EU Votes To Lift "Mad
Cow"
Ban On British Beef Exports
BRUSSELS, Belgium (AP) The European Union
voted last week to lift a worldwide export ban on most
British beef, a milestone in the "mad cow"
dispute that has pitted Britain against its European
allies for nearly three years.
"The beef ban is lifted," said British Farm
Minister Nick Brown. "The beef is safe to eat."
Ten of the 15 European Union agricultural ministers
meeting here voted to end the ban on deboned beef, with
Germany the lone holdout. France, Spain, Austria and
Luxembourg abstained.
British beef exports were barred in March 1996 after
Britain announced a possible link between "mad
cow" disease in British cattle and a fatal brain
ailment in humans called Creutzfeldt-Jakob disease.

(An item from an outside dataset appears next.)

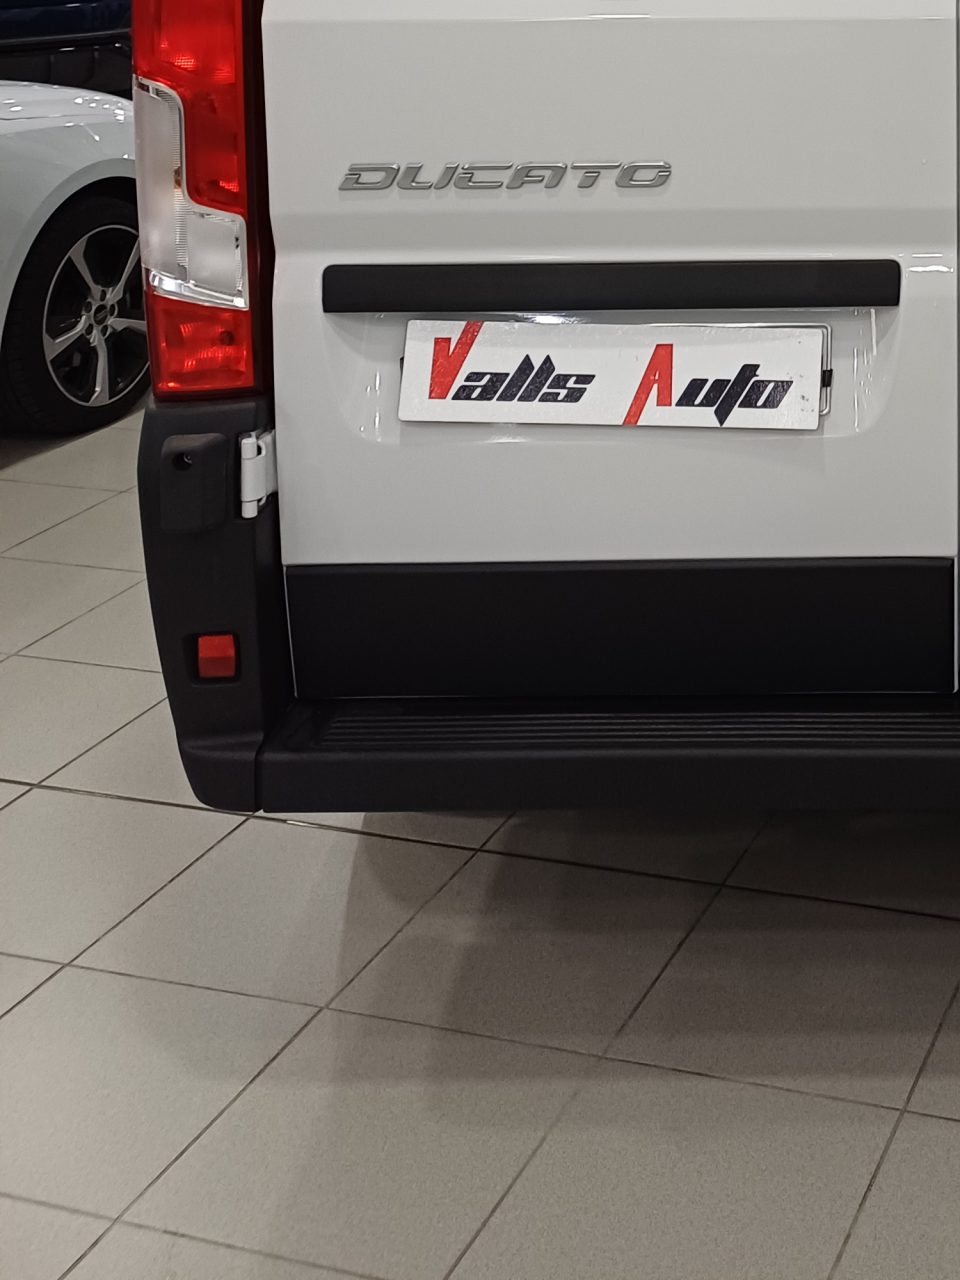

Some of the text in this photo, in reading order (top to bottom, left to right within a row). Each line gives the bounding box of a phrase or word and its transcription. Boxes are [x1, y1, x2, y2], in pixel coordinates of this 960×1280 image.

The ban has cost the industry in Britain more than
$3.3 billion and undermined confidence in beef throughout
Europe.
The move to ease the ban was boosted early this month
when eight out of 15 veterinary experts endorsed the plan
to resume exports.
"The question now is how to get back on the world
markets," said Brown, predicting an uphill struggle
to restore the reputation of British beef.

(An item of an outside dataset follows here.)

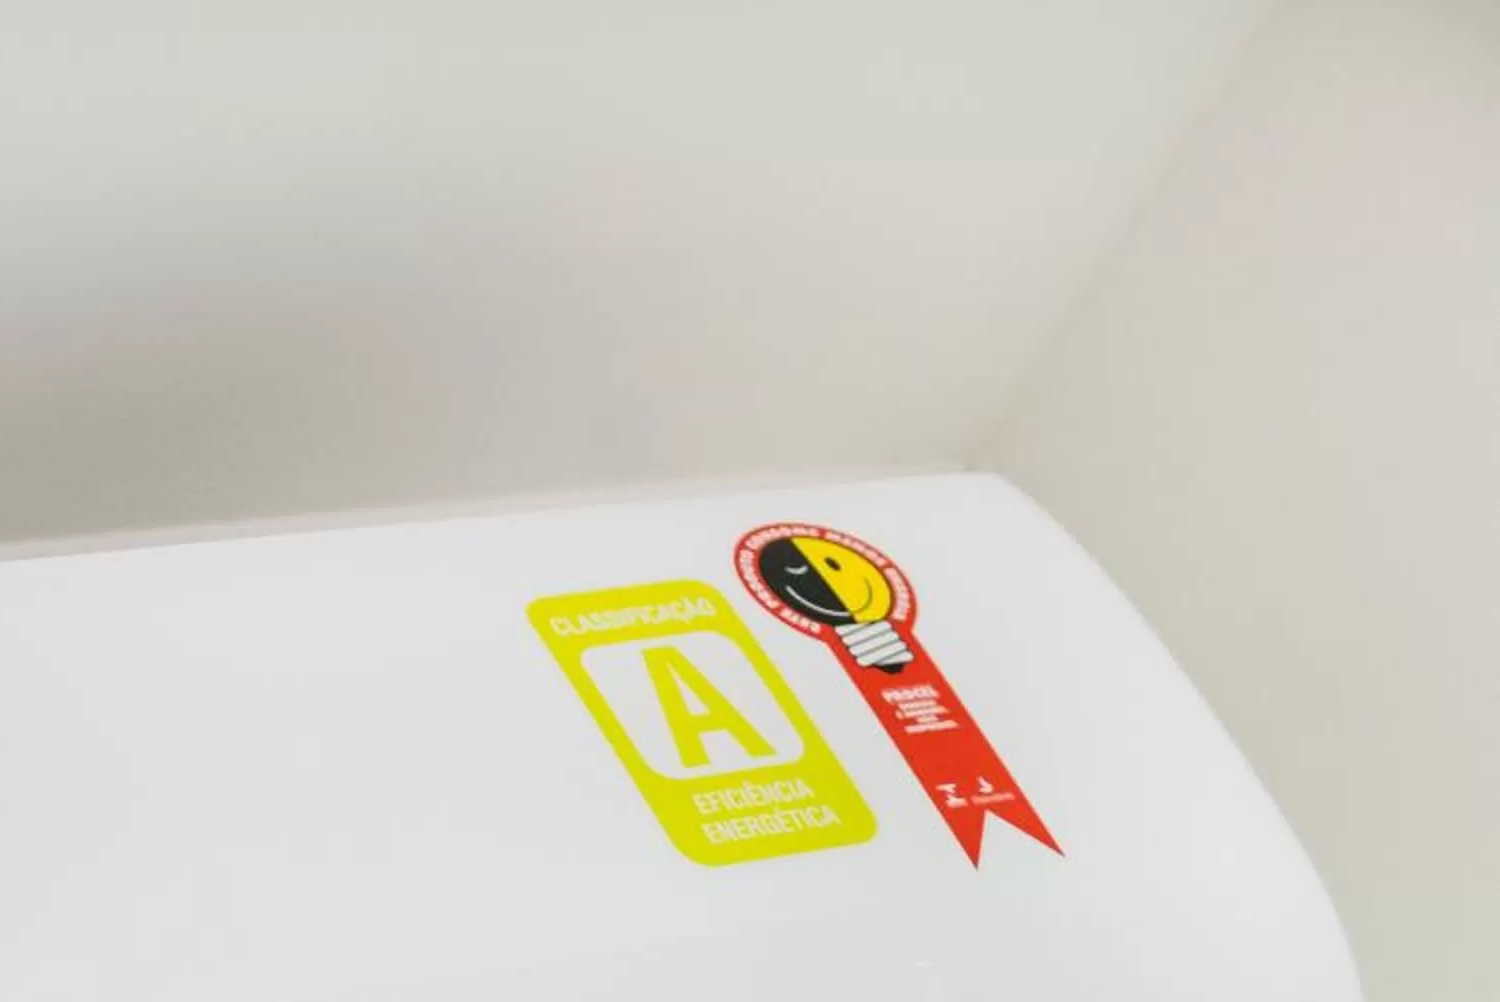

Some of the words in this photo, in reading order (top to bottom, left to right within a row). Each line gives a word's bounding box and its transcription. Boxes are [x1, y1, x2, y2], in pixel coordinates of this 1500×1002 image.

Monday's decision "will tend to boost the
confidence of the British consumer and presumably other
consumers throughout the EU and our beef trade and our
beef producers will get back to normal," Dr. John
Mann, superintendent of Britain's largest meat market,
Smithfields, said in London.
The EU's executive Commission now will send inspectors
to Britain for a final examination of safety standards,
opening the way for exports to begin early next year. No
more ministerial-level votes on the issue are required.
The decision will be immediately followed by a
campaign to put British beef back on the plates of
consumers throughout the 15-nation EU.
"It will still be some months before the first
shipments of beef actually resume and there is much work
to be done to re-establish markets," said Ben Gill,
president of Britain's National Farmers Union.
Brown downplayed the continued German opposition.
"Germany was not opposed to lifting the beef ban.
It was opposed to lifting it now," said Brown.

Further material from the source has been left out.